WHAT YOU HAVE TO DO:
Would you copy the records exactly, leaving the pictures out?

##### DATA RECORDS

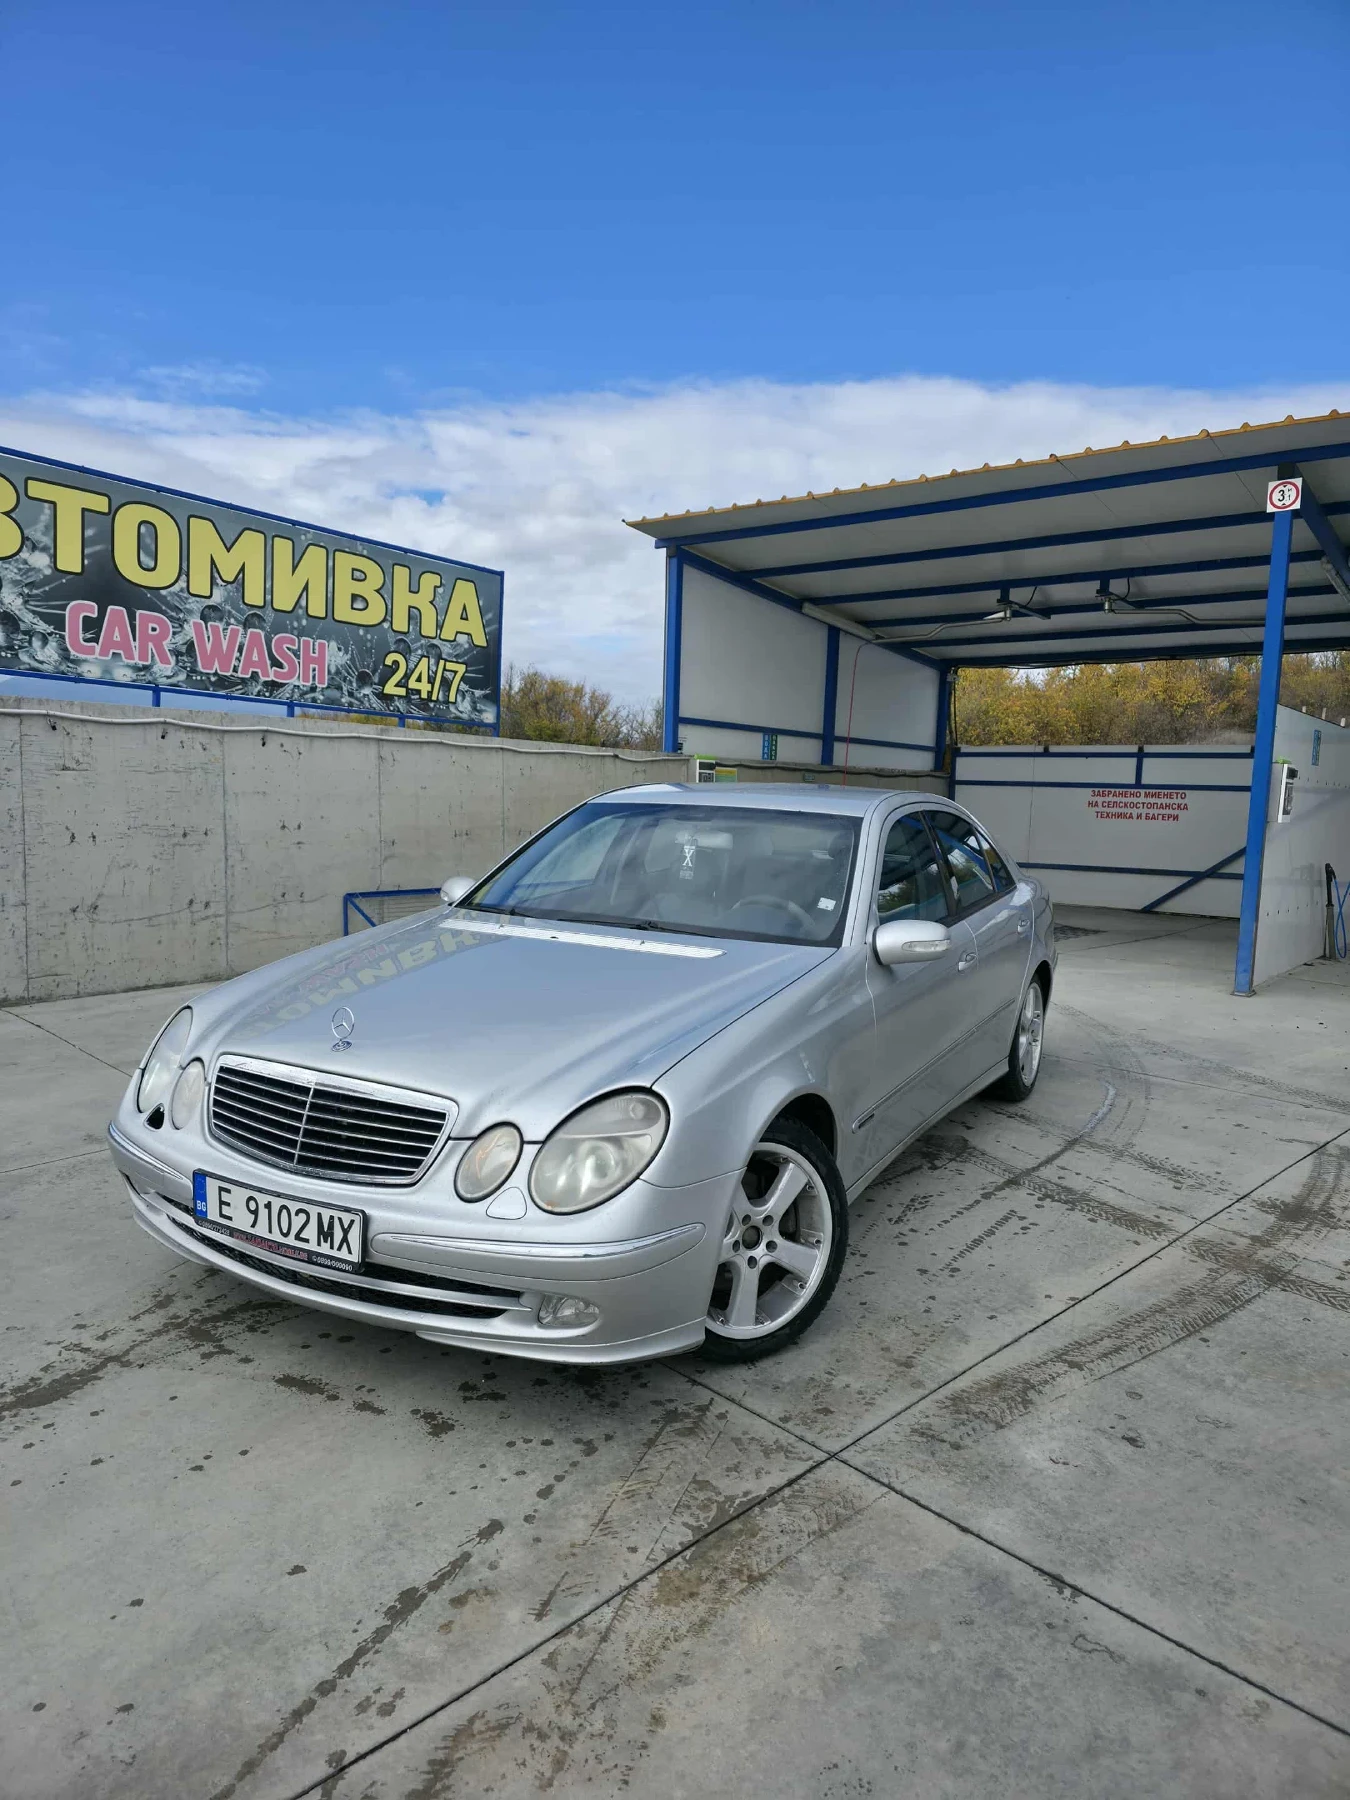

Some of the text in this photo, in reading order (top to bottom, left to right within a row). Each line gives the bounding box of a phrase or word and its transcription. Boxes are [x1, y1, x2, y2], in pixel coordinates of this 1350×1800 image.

[66, 600, 329, 687] CAR WASH
[382, 651, 467, 704] 24/7
[1091, 789, 1187, 800] ЗАБРАНЕНО МИЕНЕТО
[1087, 800, 1189, 811] НА СЕЛСКОСТОПАНСКА
[1095, 811, 1179, 822] ТЕХНИКА И БАГЕРИ
[196, 1200, 207, 1212] BG
[217, 1185, 233, 1221] E
[245, 1195, 311, 1243] 9102
[316, 1211, 355, 1255] MX

##########

PROBLEM SOLUTION:
Some of the text in this photo, in reading order (top to bottom, left to right within a row). Each line gives the bounding box of a phrase or word and its transcription. Boxes are [x1, y1, x2, y2], in pixel coordinates of this 1350×1800 image.

[66, 600, 329, 687] CAR WASH
[382, 651, 467, 704] 24/7
[1091, 789, 1187, 800] ЗАБРАНЕНО МИЕНЕТО
[1087, 800, 1189, 811] НА СЕЛСКОСТОПАНСКА
[1095, 811, 1179, 822] ТЕХНИКА И БАГЕРИ
[196, 1200, 207, 1212] BG
[217, 1185, 233, 1221] E
[245, 1195, 311, 1243] 9102
[316, 1211, 355, 1255] MX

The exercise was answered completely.